A hacker has exploited the governance mechanism of a zkSync-based project to steal approximately $5 million in airdropped tokens, marking one of the largest airdrop-related heists in recent months.
The incident targeted the decentralized autonomous organization (DAO) governing SyncSwap, a decentralized exchange built on the zkSync Era layer-2 blockchain. The attacker reportedly manipulated the governance voting system to execute a proposal that transferred a substantial amount of SYNC tokens—originally intended for community incentives and liquidity provision—into a wallet under their control.
Blockchain analysts noted that the hacker used a series of wallets and smart contracts to obfuscate their identity before swapping the stolen tokens into ETH and other assets across multiple decentralized exchanges. The stolen tokens were part of an airdrop allocation meant to reward early users and contributors to the platform.
The exploit has triggered concerns about the security and transparency of on-chain governance systems, especially for newer protocols deploying on Ethereum layer-2 networks like zkSync.
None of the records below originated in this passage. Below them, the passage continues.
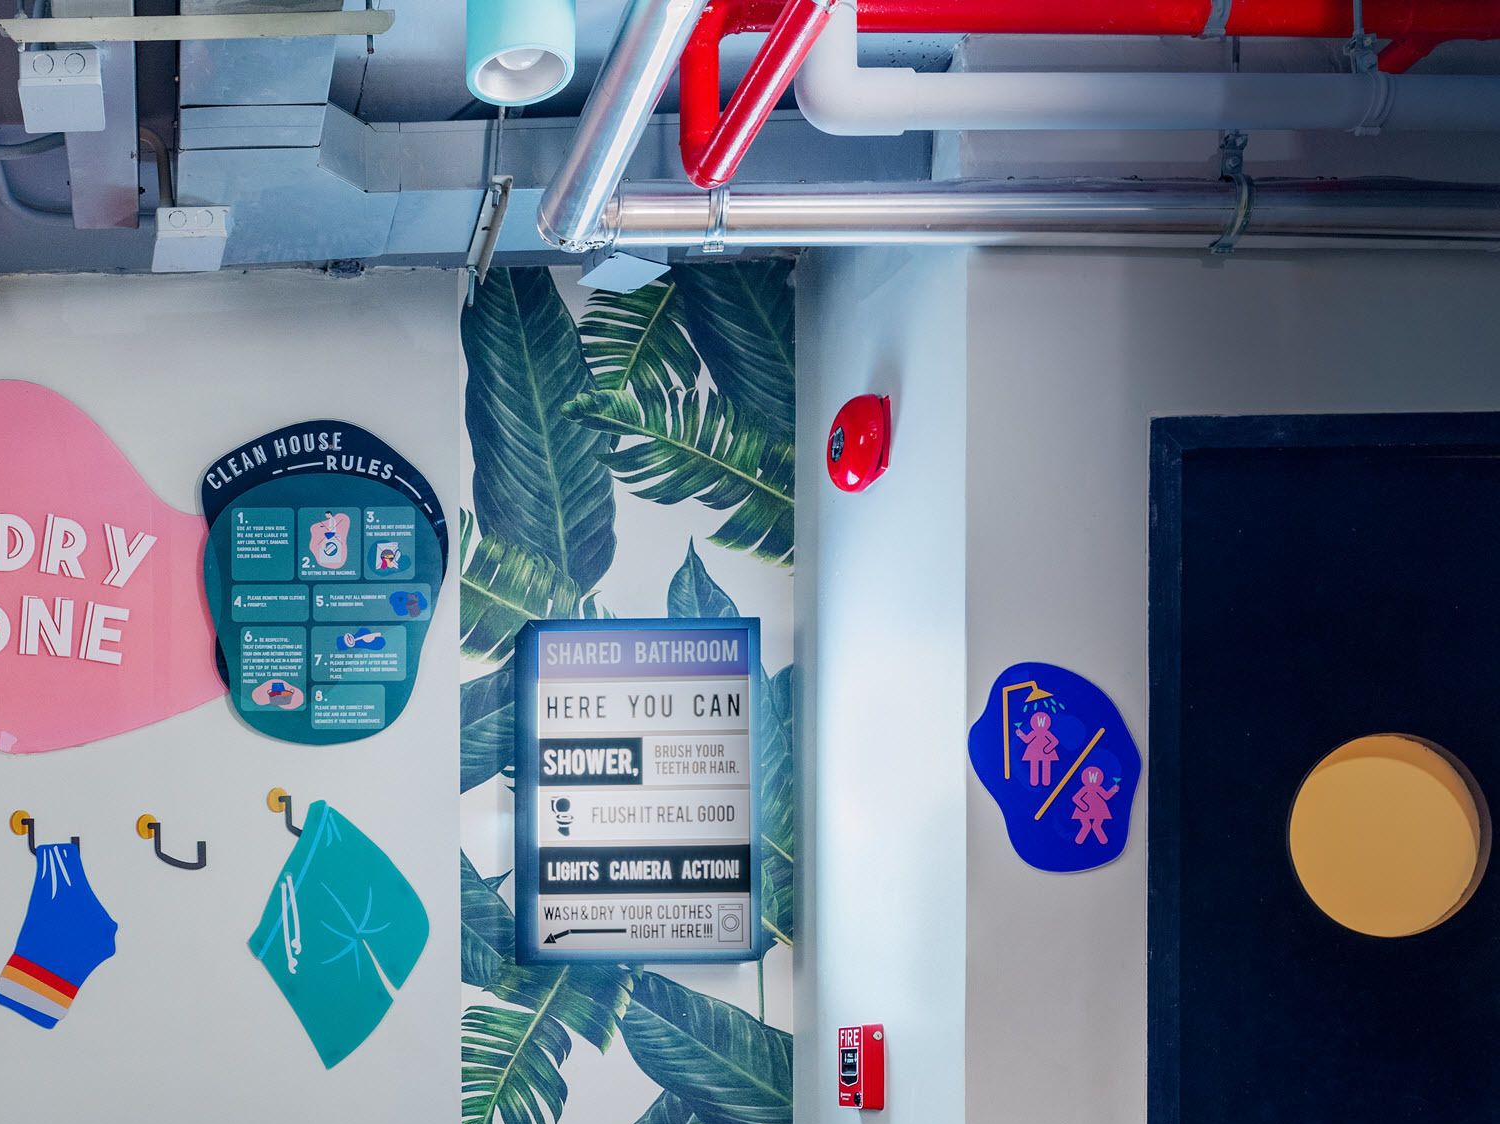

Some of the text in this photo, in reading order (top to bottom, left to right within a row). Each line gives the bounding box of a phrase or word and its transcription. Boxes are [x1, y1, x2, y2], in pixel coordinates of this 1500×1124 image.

[206, 432, 342, 490] CLEAN HOUSE
[326, 455, 394, 480] RULES
[546, 640, 739, 666] SHARED BATHROOM
[547, 694, 740, 719] HERE YOU CAN
[655, 744, 725, 758] BRUSH YOUR
[543, 748, 639, 777] SHOWER,
[655, 760, 740, 775] TEETH OR HAIR.
[591, 804, 735, 824] FLUSH IT REAL GOOD
[547, 860, 740, 881] LIGHTS CAMERA ACTION!
[622, 905, 652, 920] YOUR
[657, 904, 713, 920] CLOTHES
[630, 923, 713, 939] RIGHT HERE!!!
[840, 1029, 860, 1047] FIRE
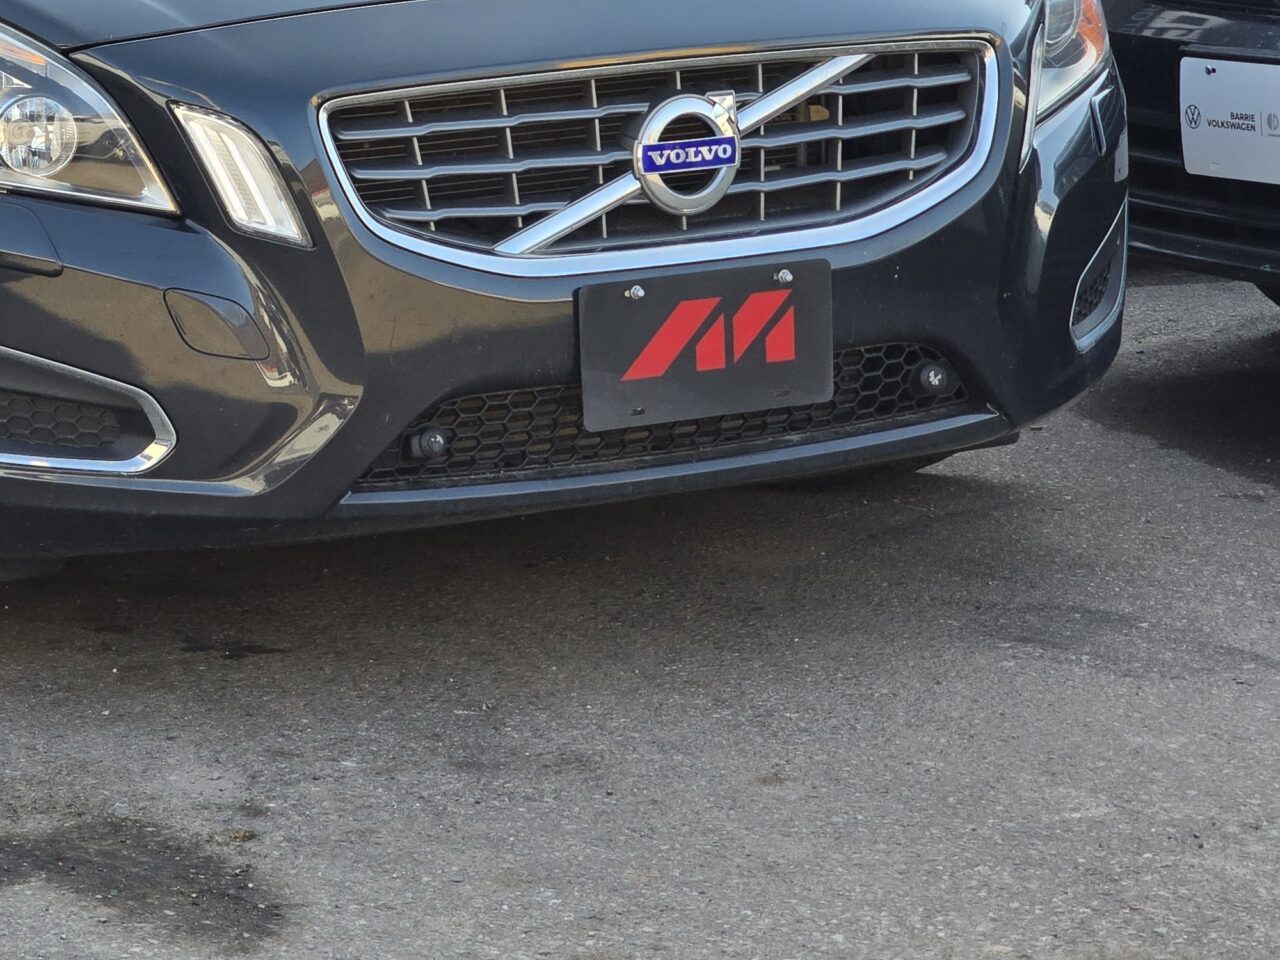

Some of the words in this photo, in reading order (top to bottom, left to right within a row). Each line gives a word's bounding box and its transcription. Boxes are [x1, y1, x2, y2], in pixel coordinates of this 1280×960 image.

In response, SyncSwap’s development team has initiated an emergency investigation and is reportedly working with on-chain forensic firms to trace the stolen assets. A community call has been scheduled to address the exploit and discuss potential recovery and mitigation strategies.
The price of SYNC tokens dropped sharply following the news, as investors reacted to both the exploit and uncertainty around how the DAO would respond. The incident serves as another stark reminder of the risks tied to protocol governance and token distribution in the evolving DeFi landscape.